It’s possible to use mathematical equations instead of text strings. Just switch "" out for quote() and read about the available options in ?plotmath.

df <- tibble(
  x = runif(10),
  y = runif(10)
)
ggplot(df, aes(x, y)) +
  geom_point() +
  labs(
    x = quote(sum(x[i]^2, i == 1, n)),
    y = quote(alpha + beta + frac(delta, theta))
  )

Exercises

  1. Create one plot on the fuel economy data with customised title, subtitle, caption, x, y, and colour labels.

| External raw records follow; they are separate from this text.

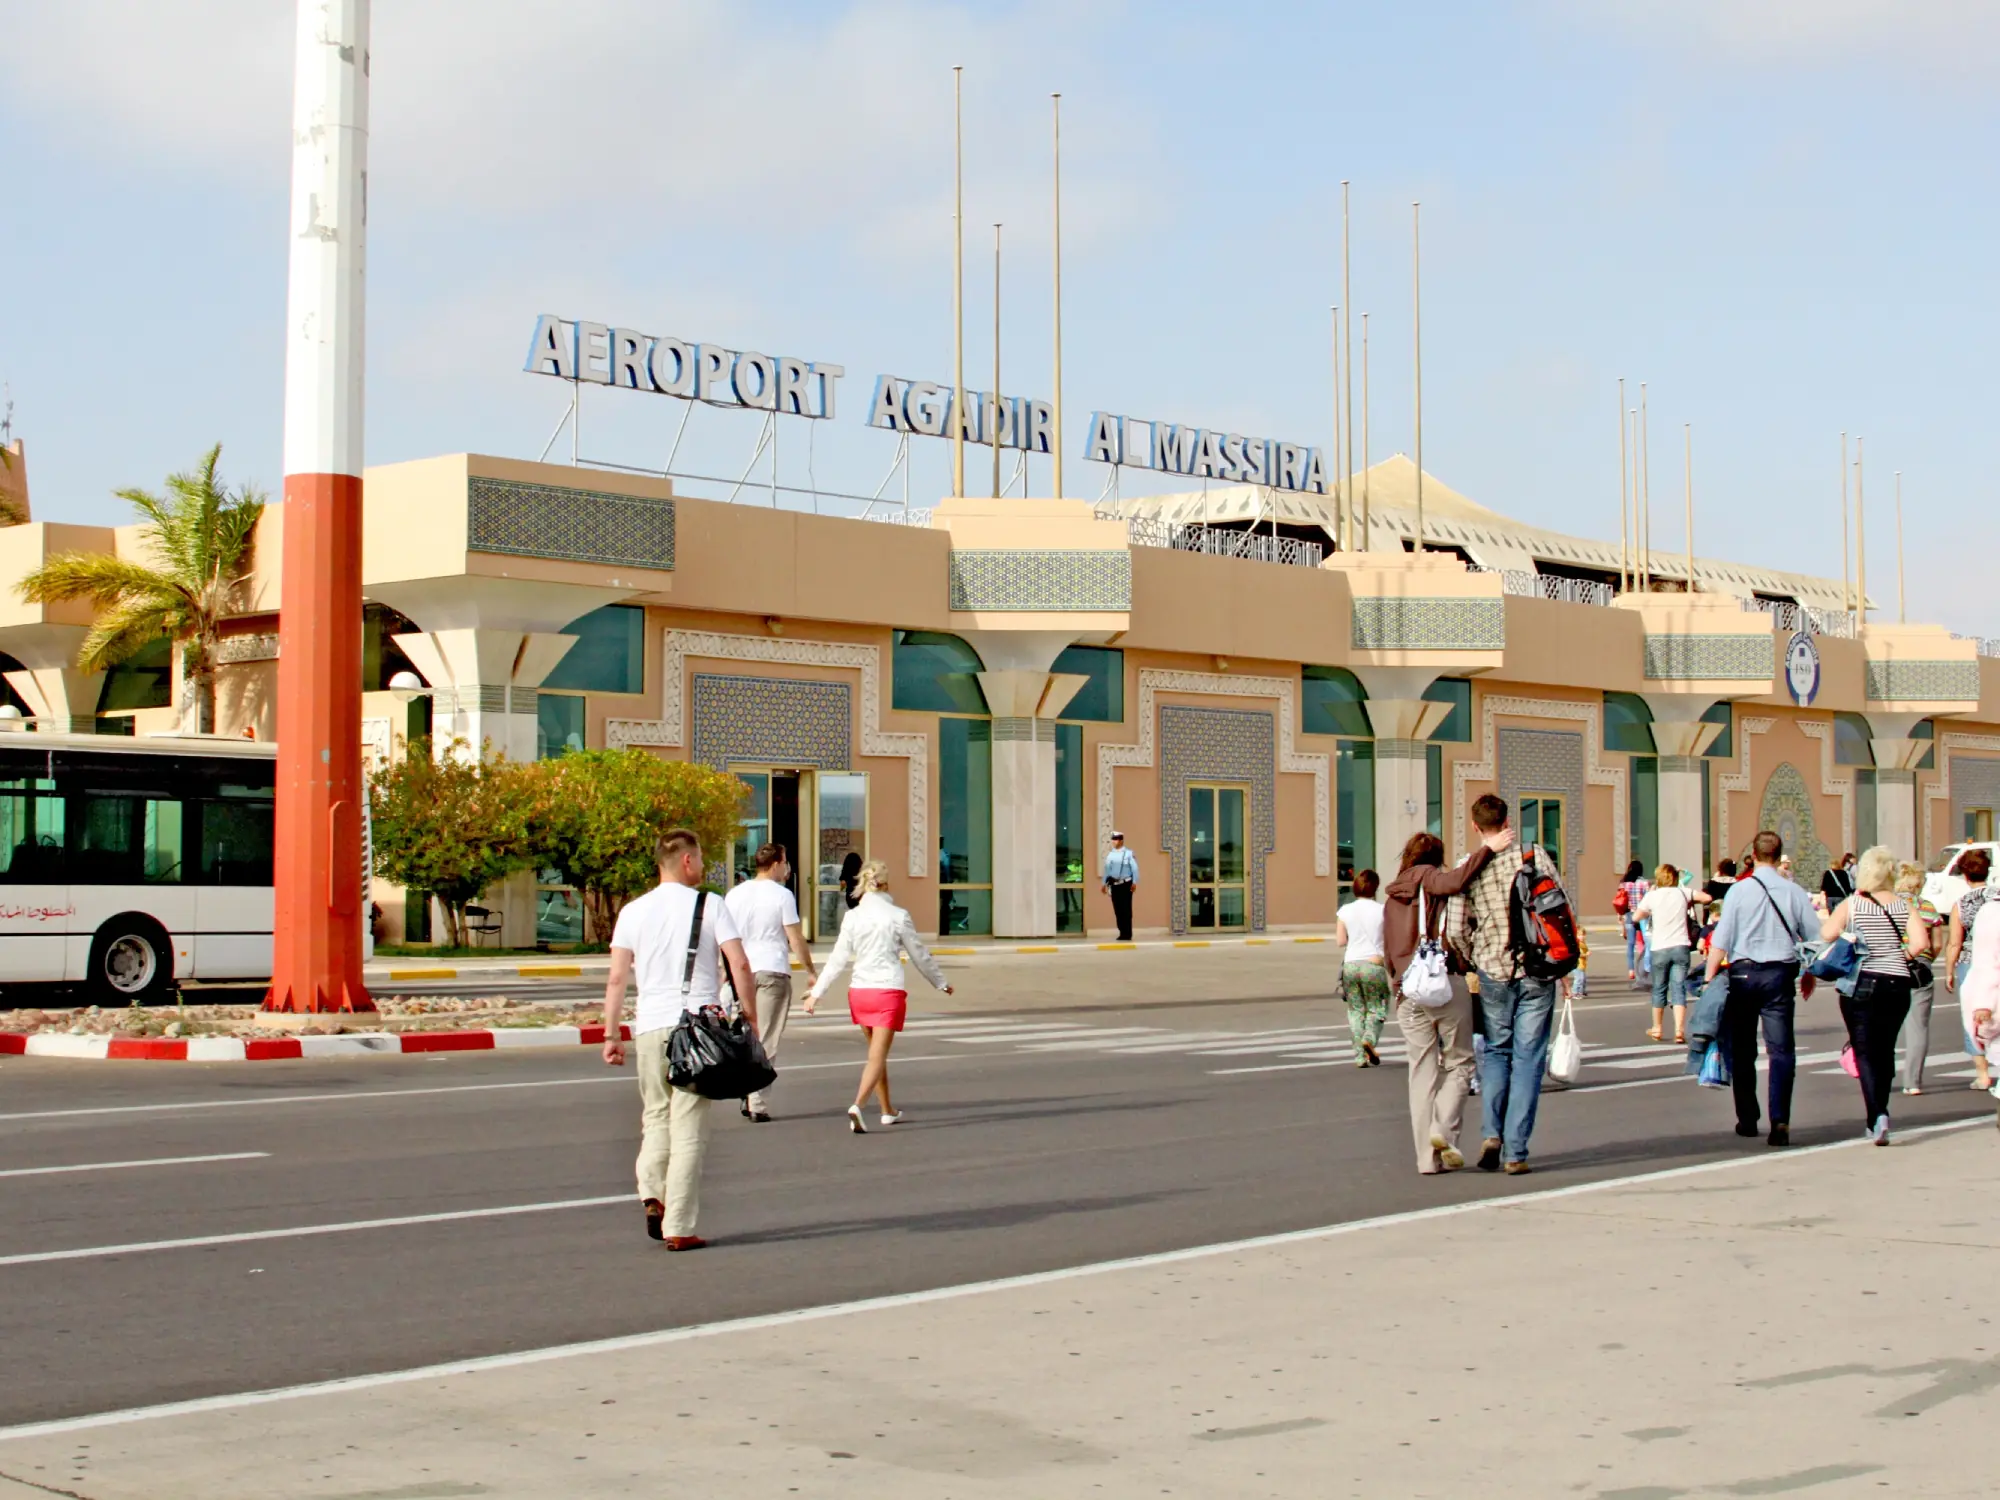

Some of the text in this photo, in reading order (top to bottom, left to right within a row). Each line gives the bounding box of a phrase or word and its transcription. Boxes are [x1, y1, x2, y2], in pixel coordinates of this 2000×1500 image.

[523, 314, 1328, 495] AEROPORT AGADIR AL MASSIRA
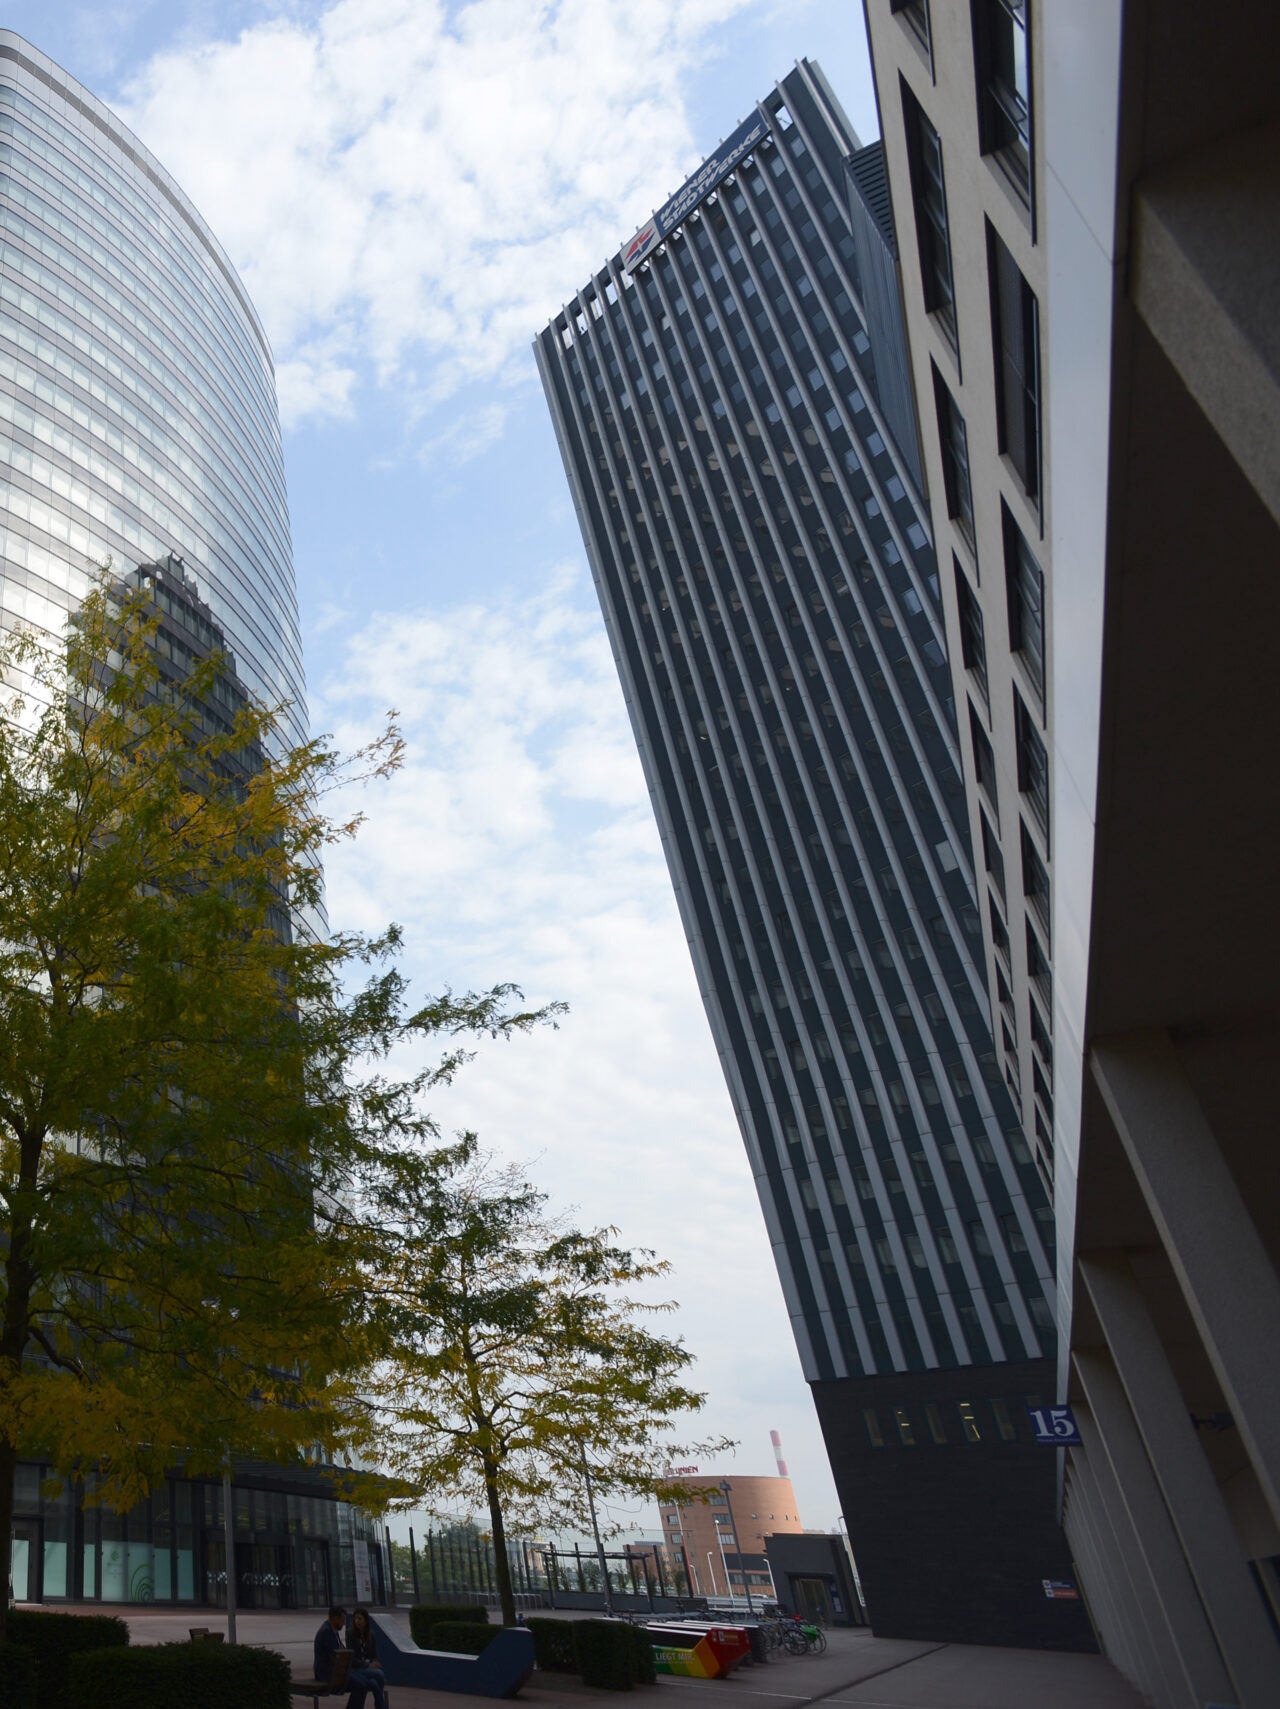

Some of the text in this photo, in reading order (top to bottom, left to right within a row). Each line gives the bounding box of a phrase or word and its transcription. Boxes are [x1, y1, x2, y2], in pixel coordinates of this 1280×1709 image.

[660, 159, 720, 222] WIENER
[662, 123, 761, 230] STADTWERKE
[1030, 1410, 1075, 1437] 15
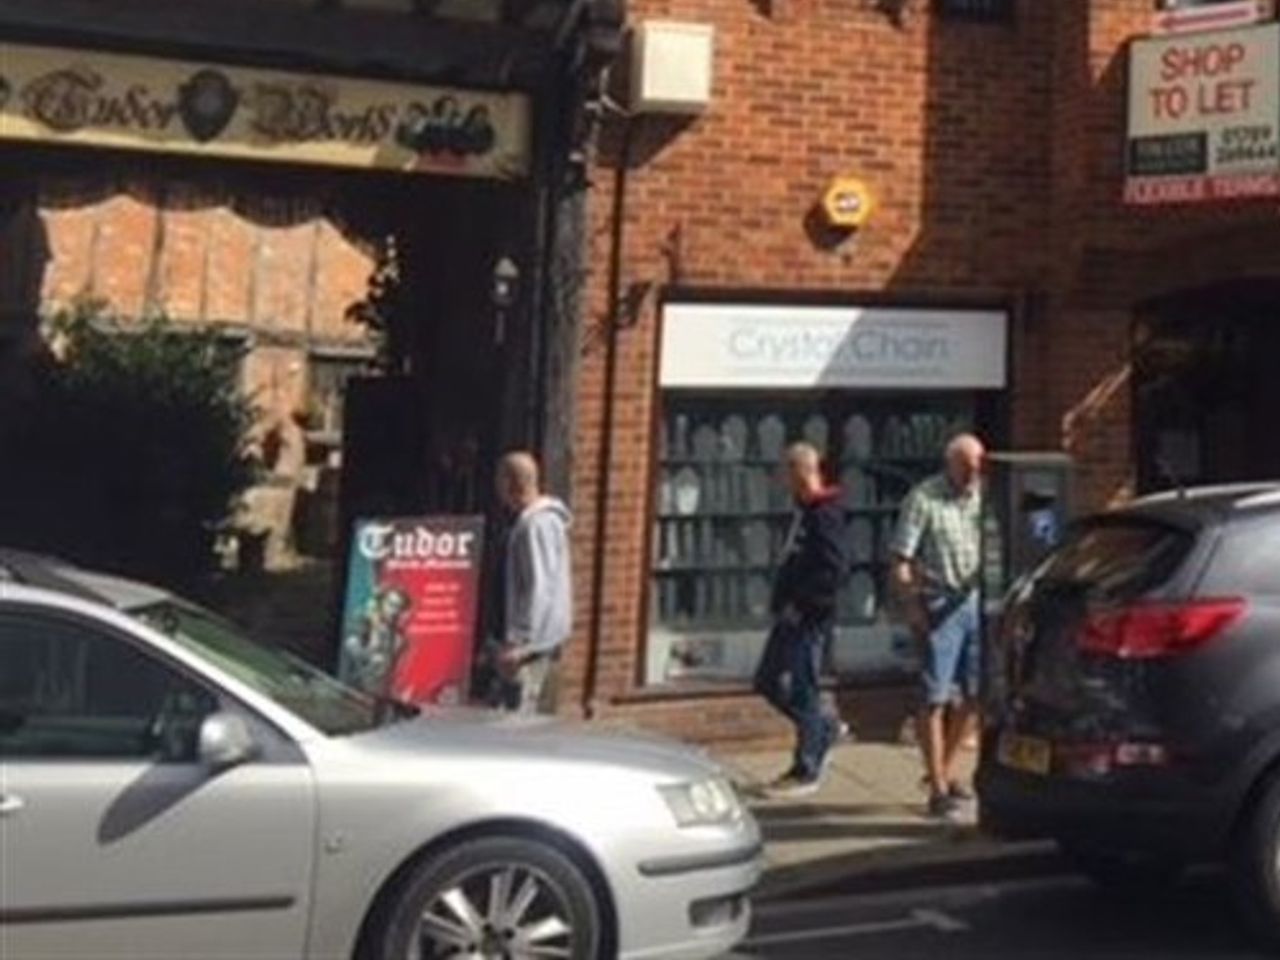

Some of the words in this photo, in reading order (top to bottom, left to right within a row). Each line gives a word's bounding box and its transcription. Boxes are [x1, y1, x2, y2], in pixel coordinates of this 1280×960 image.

[1160, 43, 1245, 82] SHOP
[1150, 87, 1188, 119] TO
[1199, 81, 1254, 115] LET
[358, 524, 475, 559] Tudor

    ggplot(mpg, aes(class, hwy)) +
      geom_boxplot() +
      geom_jitter(aes(colour = displ), width = 0.1, height = 0) +
      labs(title = "Fuel efficiency is worst for pickups and suv",
           subtitle = "These vehicle types have the bigger engine size",
           x = "Car Type",
           y = "Highway fuel economy (mpg)",
           colour = "Engine size"
      )

  2. The geom_smooth() is somewhat misleading because the hwy for large engines is skewed upwards due to the inclusion of lightweight sports cars with big engines. Use your modelling tools to fit and display a better model.

    ggplot(mpg, aes(displ, hwy, colour = class)) +
      geom_point() +
      geom_smooth(method = "lm", se = FALSE) +
      scale_colour_disney("pan") +
      labs(title = str_glue("Fuel efficiency generally decreases ",
                            "with engine size"),
           subtitle = str_glue("Two seaters (sports cars) are the ",
                               "exception because of their light weight"),
           caption = "Data from fueleconomy.gov",
           x = "Engine displacement (L)",
           y = "Highway fuel economy (mpg)",
           colour = "Car type")

  3. Take an exploratory graphic that you’ve created in the last month, and add informative titles to make it easier for others to understand.

Annotations

Annotations

It’s also often useful to label individual observations or groups of observations. The first tool you have at your disposal is geom_text(). geom_text() is similar to geom_point(), but it has an additional aesthetic - label. This makes it possible to add textual labels to your plots.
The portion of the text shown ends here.